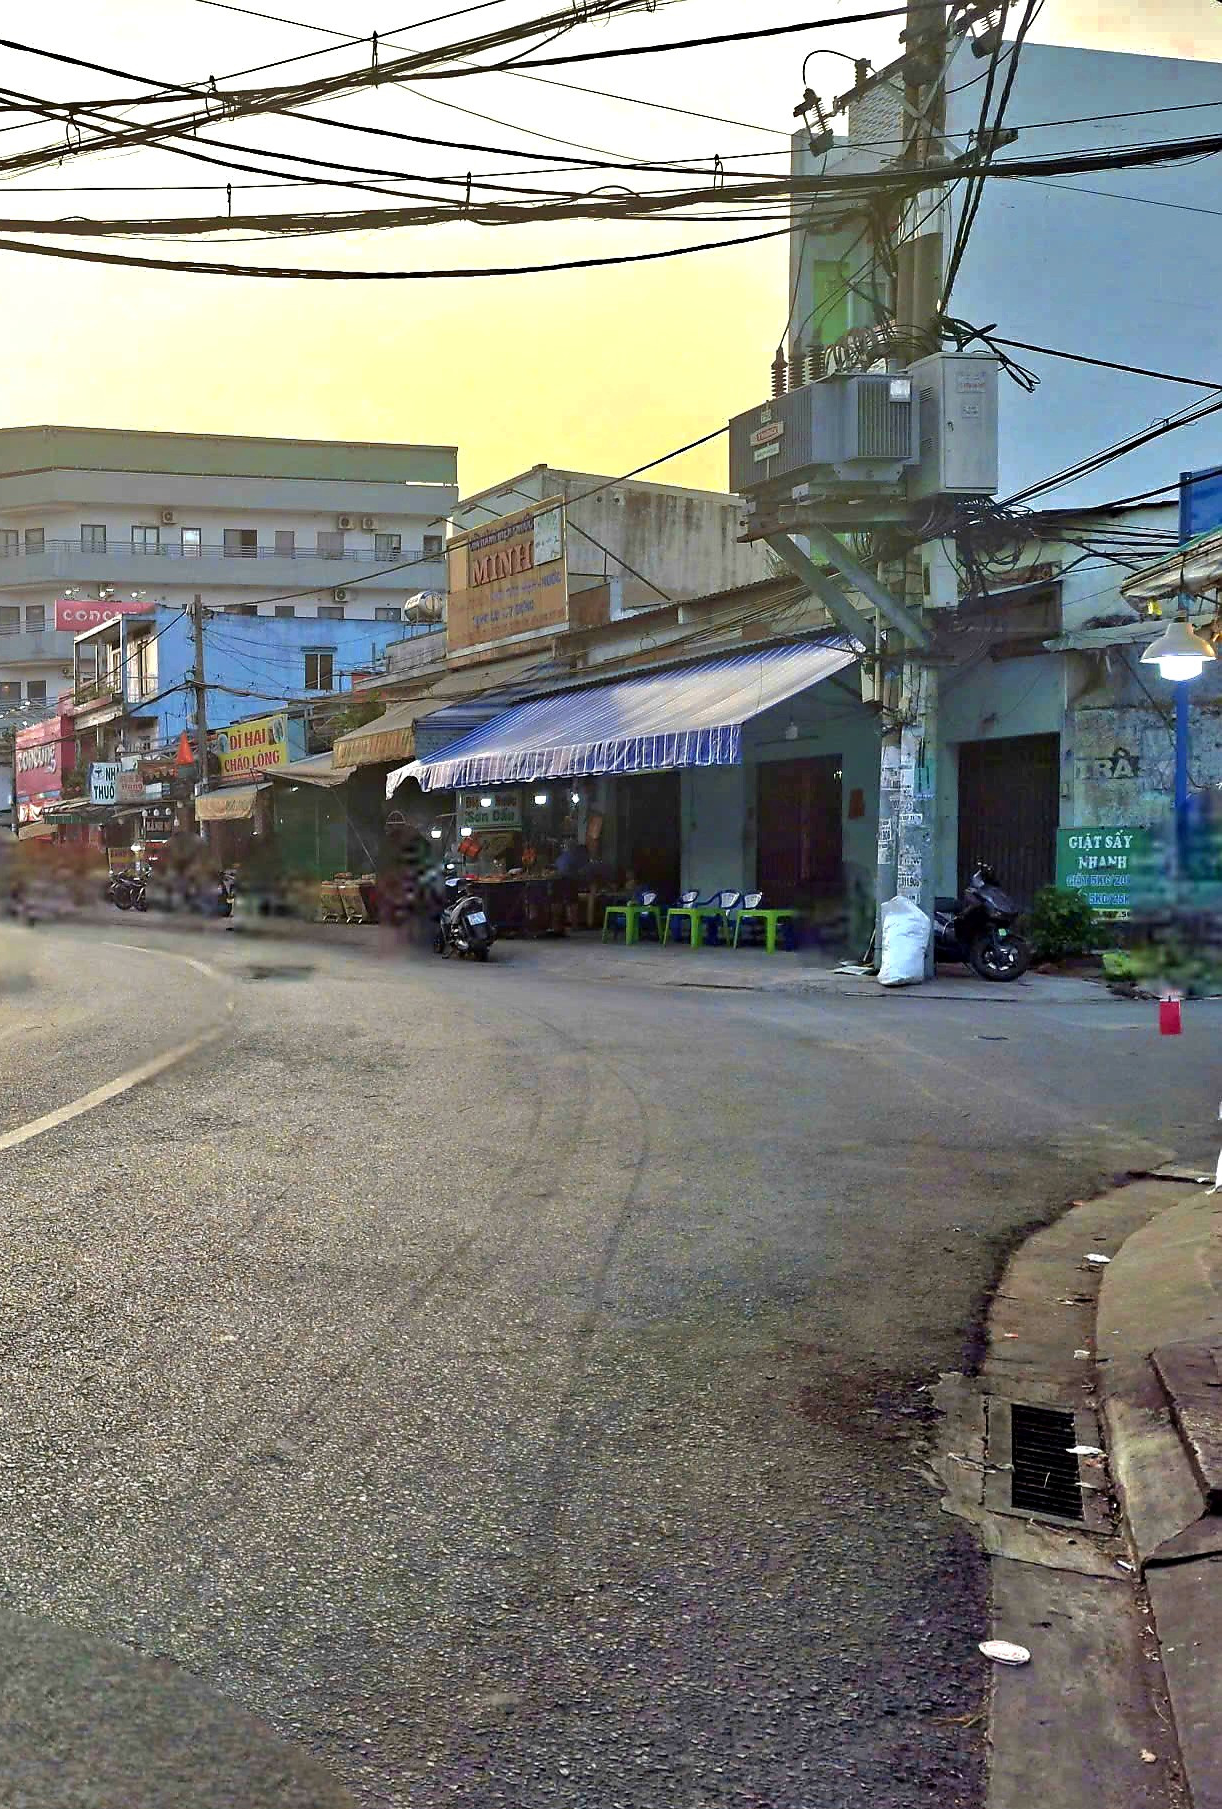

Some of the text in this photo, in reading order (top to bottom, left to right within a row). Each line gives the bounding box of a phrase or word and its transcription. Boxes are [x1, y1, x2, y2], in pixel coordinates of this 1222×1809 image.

[472, 540, 534, 588] MINH
[245, 728, 266, 747] HAI
[224, 750, 280, 772] CHÁO LÒNG
[94, 781, 115, 800] THUỐ
[1068, 829, 1133, 851] GIẶT SẤY
[1078, 855, 1127, 869] NHANH
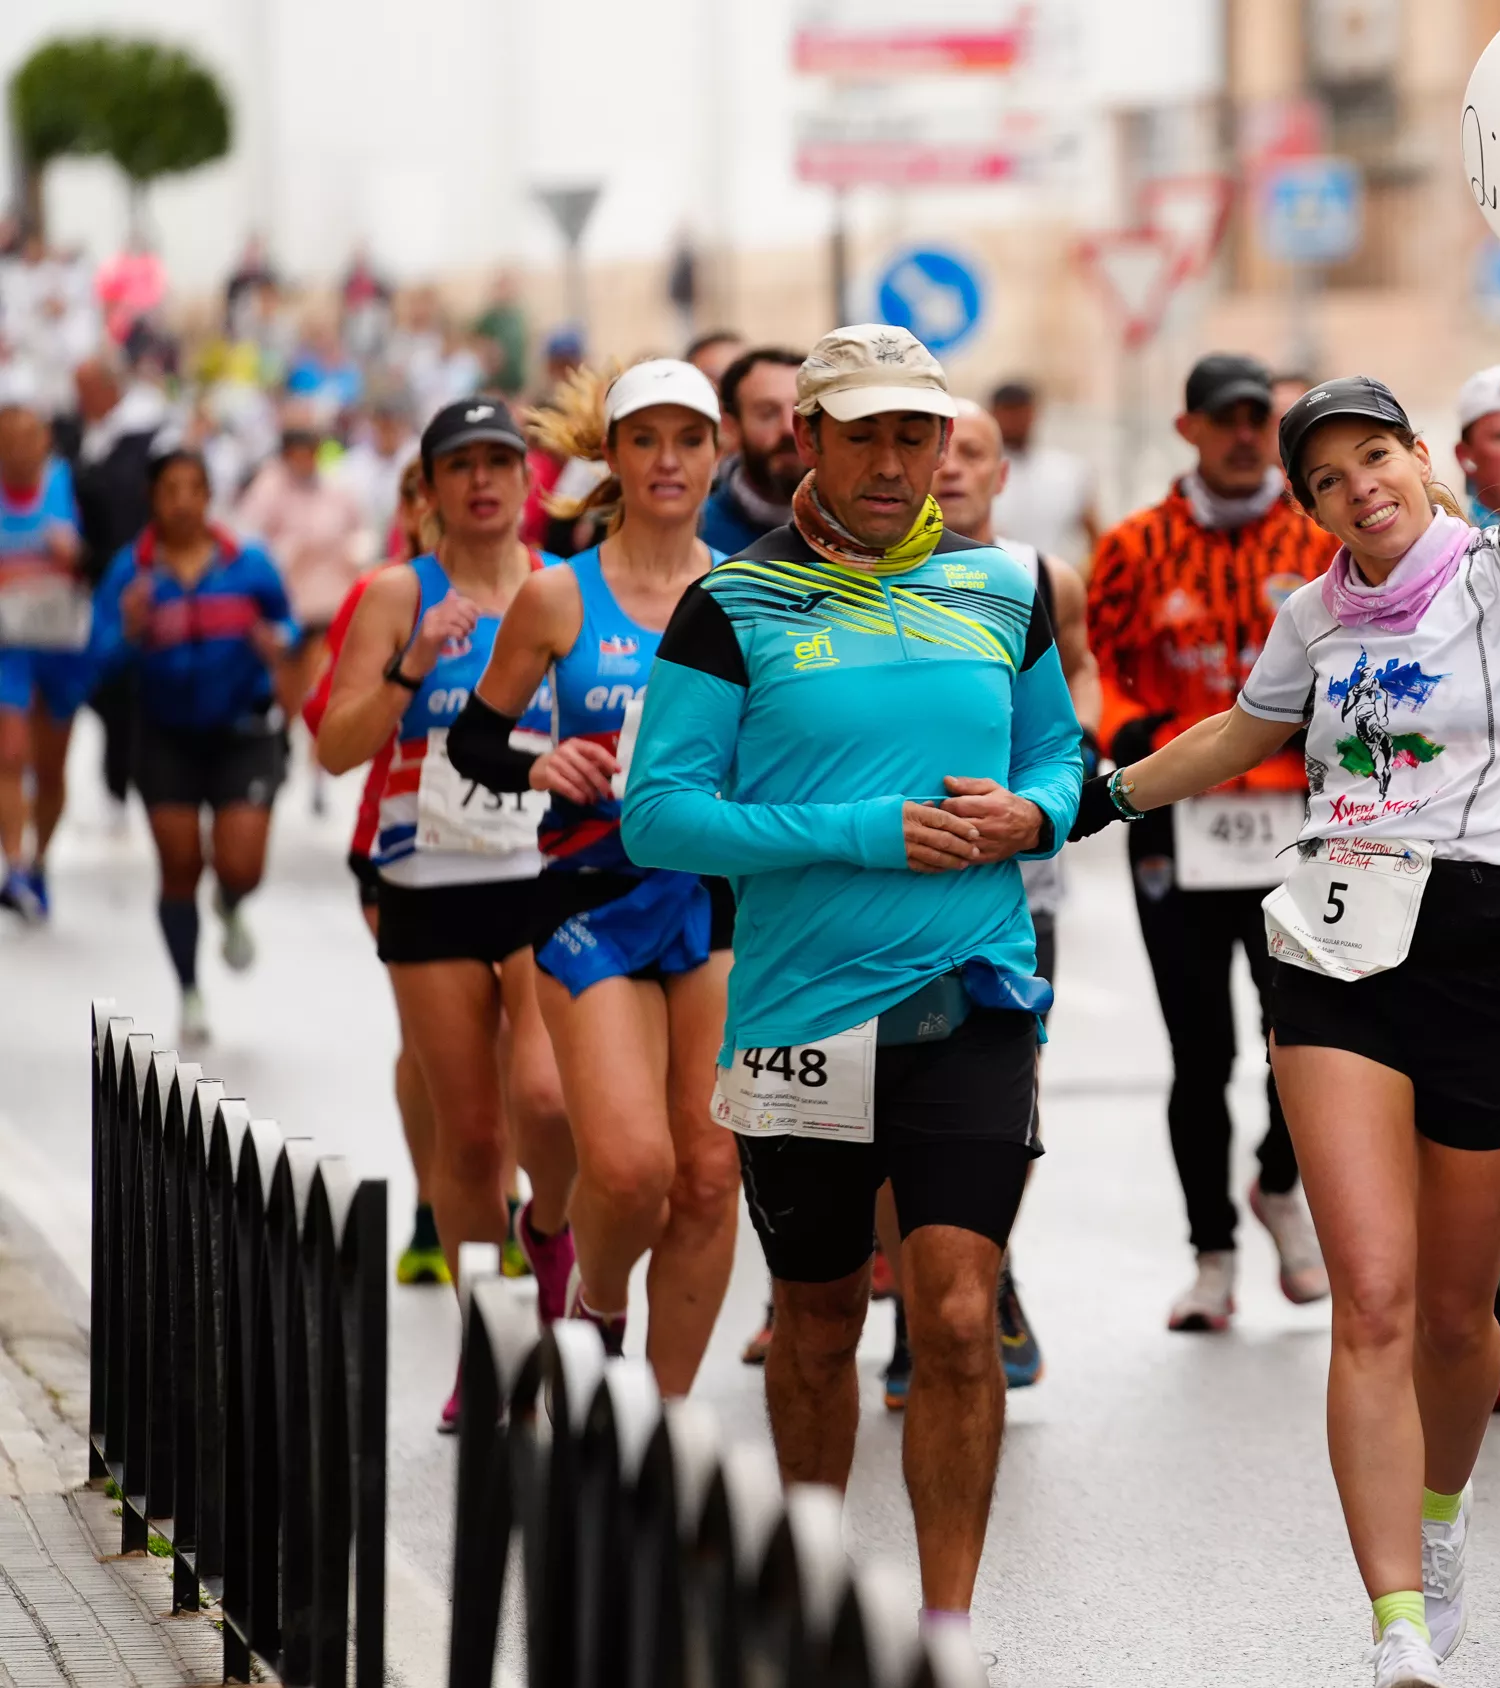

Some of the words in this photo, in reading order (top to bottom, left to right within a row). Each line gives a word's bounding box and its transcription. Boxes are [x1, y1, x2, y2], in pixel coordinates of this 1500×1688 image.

[946, 570, 988, 580] Maratón
[947, 580, 985, 589] Lucena
[1209, 811, 1273, 845] 491
[1323, 881, 1348, 924] 5
[742, 1046, 828, 1088] 448

───

== Activity ==
Everything from the line containing "Some of the words" down to the last line of the entries is to be returned exactly, both ends included, and nothing beyond it.

== Result for this exercise ==
Some of the words in this photo, in reading order (top to bottom, left to right within a row). Each line gives a word's bounding box and its transcription. Boxes are [x1, y1, x2, y2], in pixel coordinates of this 1500×1688 image.

[946, 570, 988, 580] Maratón
[947, 580, 985, 589] Lucena
[1209, 811, 1273, 845] 491
[1323, 881, 1348, 924] 5
[742, 1046, 828, 1088] 448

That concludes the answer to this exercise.